Monday, May 14, 2012

Build A Boat Part Two

OK.  After our wood was stretched and bent we could really get started.  We sliced our plywood to the width that we wanted, 40 inches and then it was time to attach our framework.

We glued, screwed, and clamped the one by twos onto the plywood bottom, trying to maintain that curve in it the entire time. Then we had to wait a day or so for the glue to dry. And we quickly discovered that waiting sucks.  And we also discovered that when you are building boats made of wood, you will do a lot of waiting for glue to dry.

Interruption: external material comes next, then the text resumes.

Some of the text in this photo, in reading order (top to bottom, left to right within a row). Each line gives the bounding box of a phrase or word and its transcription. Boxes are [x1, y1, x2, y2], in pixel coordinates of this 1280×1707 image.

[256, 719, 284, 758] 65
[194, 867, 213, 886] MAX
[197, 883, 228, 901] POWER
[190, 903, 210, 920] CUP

Surely there must be something for us to do in the meantime?  And there was.  We cut two pieces of 3/8 inch plywood, glued, screwed, and clamped them together.  This was going to be our transom and we left it a couple inches oversize all the way around.  It is always better to discover that you have too much material and only need to trim off a little bit in order to make it fit rather than find out that your piece is too small and you must somehow find a way to make it bigger.  It is often impossible to make it bigger.

We also screwed and glued a 2 x  2 across the rear so that we would have something to screw that ransom onto when the time comes.

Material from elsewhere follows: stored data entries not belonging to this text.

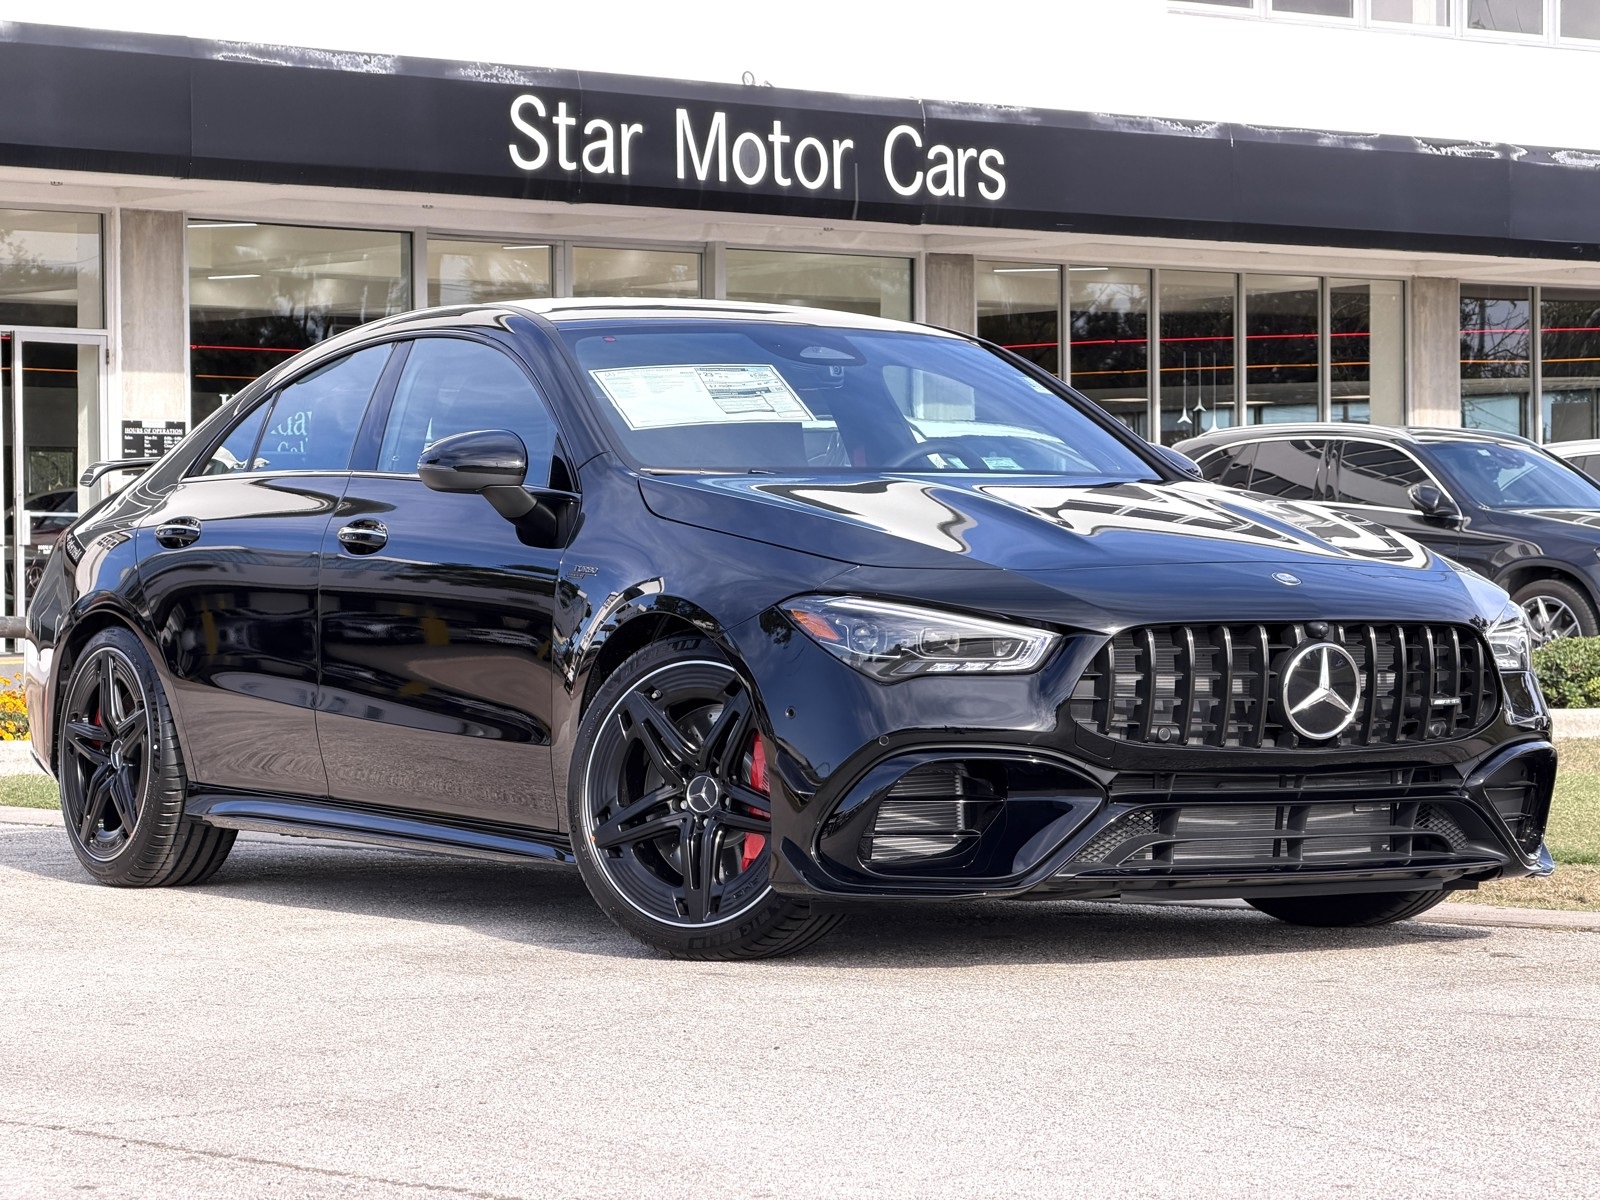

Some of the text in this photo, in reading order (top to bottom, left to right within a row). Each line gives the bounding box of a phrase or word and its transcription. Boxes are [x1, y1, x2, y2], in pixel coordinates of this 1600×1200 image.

[509, 94, 1006, 200] Star Motor Cars
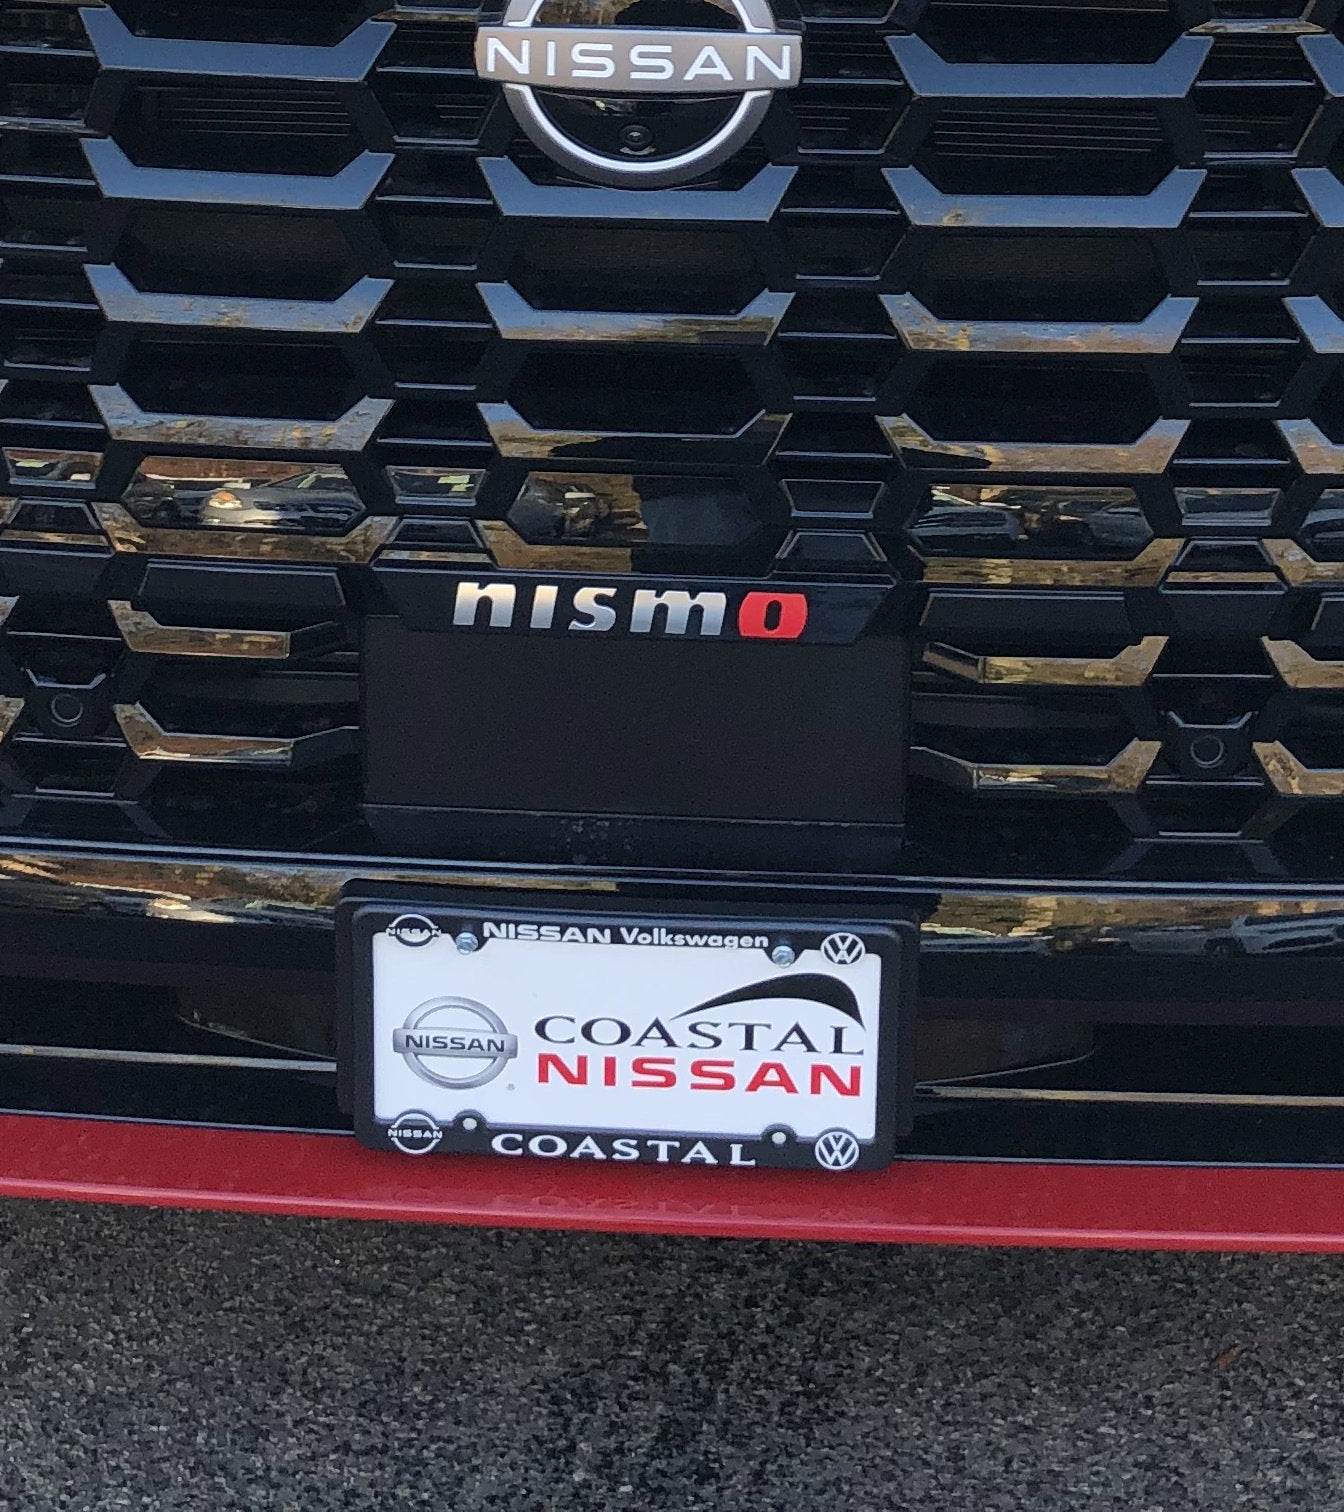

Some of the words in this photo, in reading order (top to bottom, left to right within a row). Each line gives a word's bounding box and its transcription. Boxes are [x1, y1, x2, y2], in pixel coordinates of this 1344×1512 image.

[486, 37, 791, 81] NISSAN
[453, 581, 808, 638] nismo
[386, 928, 441, 937] NISSAN
[483, 922, 611, 944] NISSAN
[620, 927, 769, 948] Volkswagen
[405, 1034, 505, 1052] NISSAN
[534, 1016, 864, 1055] COASTAL
[538, 1052, 862, 1097] NISSAN
[388, 1128, 442, 1139] NISSAN
[491, 1133, 756, 1166] COASTAL

After both one by twos were installed, we piled a few two by sixes under the front to lift it up then put more weight on to the plywood to keep it bent.

Then we clamped a couple of two by fours all the way across the table, one of them on top of the plywood and the other one beneath the table in order to pull the middle part of the plywood down at the same time the front of it was being pushed up.  This increased the pressure greatly.

Here is one of the sideboards.  We glued and screwed a one by two along the top of it to stiffen it up and it will also serve as a rub rail on the outside of the boat.

Since my nephew doesn't live real close and he only came over about one day a week to work on it, progress was slow.  This was going to be a multi week process.  And after a couple of weeks went by a double tragedy struck.

The first one was that he lost interest.  This was bad enough in itself but then the second one hit.  It was now just a few days before Christmastime.  My mother desired to decorate the room.  What's even worse, she desired to decorate it without being hampered by the presence of a boat.  And also without the presence of a partially completed boat.  That just goes to show you how unreasonable women can be.  We were going to have to move our project.

No problemo. We temporarily screwed a two by two across the front and fastened a piece of paracord on each side front and rear.  In the middle of each piece of paracord was a 2 by 2 twisted into the strands, as the paracord stretched and let the wood relax, we merely had to give the two by two another twist or two to remove the slack and tighten it back up.  Paracord is nylon and it does stretch, so this would need to be done periodically in order to preserve the curve that we had put into the wood.  Then we simply carried it out into the shop and left it until after New Year's.